Ce jour-là, la technicienne Carole Labrousse prélève les œufs pondus par les femelles sur du carton alvéolé et les place dans un bac rempli d’une mixture brun et beige. Ce mélange de son de blé, luzerne et farine de maïs est l’alimentation des futures larves. Quelle est la densité optimale d’œufs par rapport à la nourriture ? La technicienne teste plusieurs hypothèses. D’autres boîtes grouillent d’asticots de 5 mm nés il y a cinq jours, qui vivent, mangent et défèquent dans leur substrat. Après deux semaines et plusieurs mues, ils atteindront 2,5 cm, bruns et dodus, fin prêts pour la récolte.
L’enjeu de ce projet lancé en 2017 avec la start-up avignonnaise Biomimetic ? Optimiser l’élevage de mouches soldat noires nourries de coproduits végétaux (résidus de broyage de pommes, poussières de céréales, grains abîmés… issus des filières agroalimentaires) afin de produire des aliments pour animaux et des fertilisants.

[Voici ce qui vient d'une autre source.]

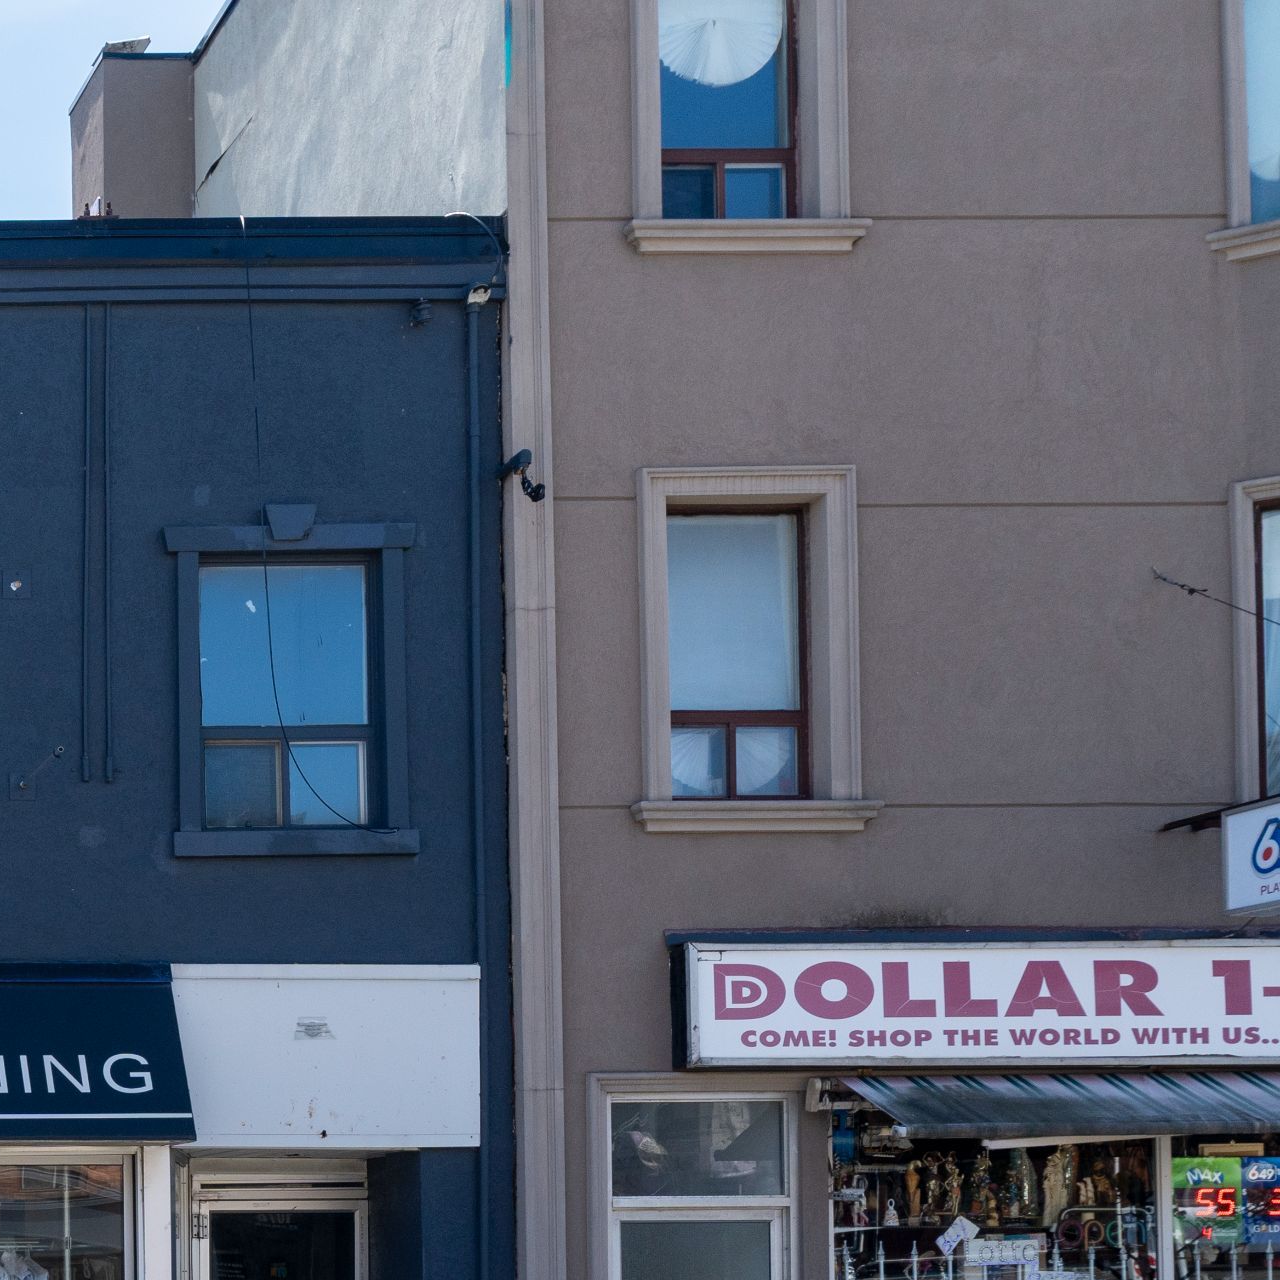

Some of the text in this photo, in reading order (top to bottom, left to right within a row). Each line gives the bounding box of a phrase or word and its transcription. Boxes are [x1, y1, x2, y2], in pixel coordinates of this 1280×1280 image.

La mouche soldat noire fait partie de ces espèces, comme le ver de farine ou ténébrion meunier (Tenebrio molitor), « très efficaces dans la bioconversion des déchets organiques », selon l’Organisation des Nations unies pour l’alimentation et l’agriculture (FAO), coauteure, avec le laboratoire d’entomologie de l’université de Wageningen (Pays-Bas), d’un rapport encourageant production et consommation d’insectes (2014).
Face à la croissance de la population, la hausse de la demande en produits animaux et la raréfaction des ressources, l’élevage d’insectes représenterait une contribution écologique à la sécurité alimentaire, estime l’organisation.
Un concept nouveau
« Nous mettons notre expertise sur les insectes au service d’un enjeu de société »
, souligne David Giron, directeur de l’IRBI. Un axe de recherche inédit pour ce grand laboratoire d’entomologie français. Quelles sont les conditions idéales de lumière, de température et d’humidité de l’élevage ? Quelle densité d’insectes assure une reproduction optimale ? Quelle nourriture privilégier ?
De multiples questions, pour un concept nouveau : hormis quelques traditions d’élevage (Thaïlande, Vietnam), la consommation d’insectes – ou entomophagie – repose sur des prélèvements dans la nature. Construire la filière : tel est donc le défi stimulant qui anime scientifiques et entrepreneurs, comme Frédéric Marion-Poll, enseignant chercheur à AgroParisTech : « J’ai consacré ma carrière à enseigner comment tuer les insectes. Désormais, j’apprends à les élever. » Un tournant.
L’entomophagie va-t-elle se généraliser à travers le monde ? D’après la FAO, 2 milliards d’êtres humains mangent déjà des insectes, principalement en Afrique, Asie et Amérique latine.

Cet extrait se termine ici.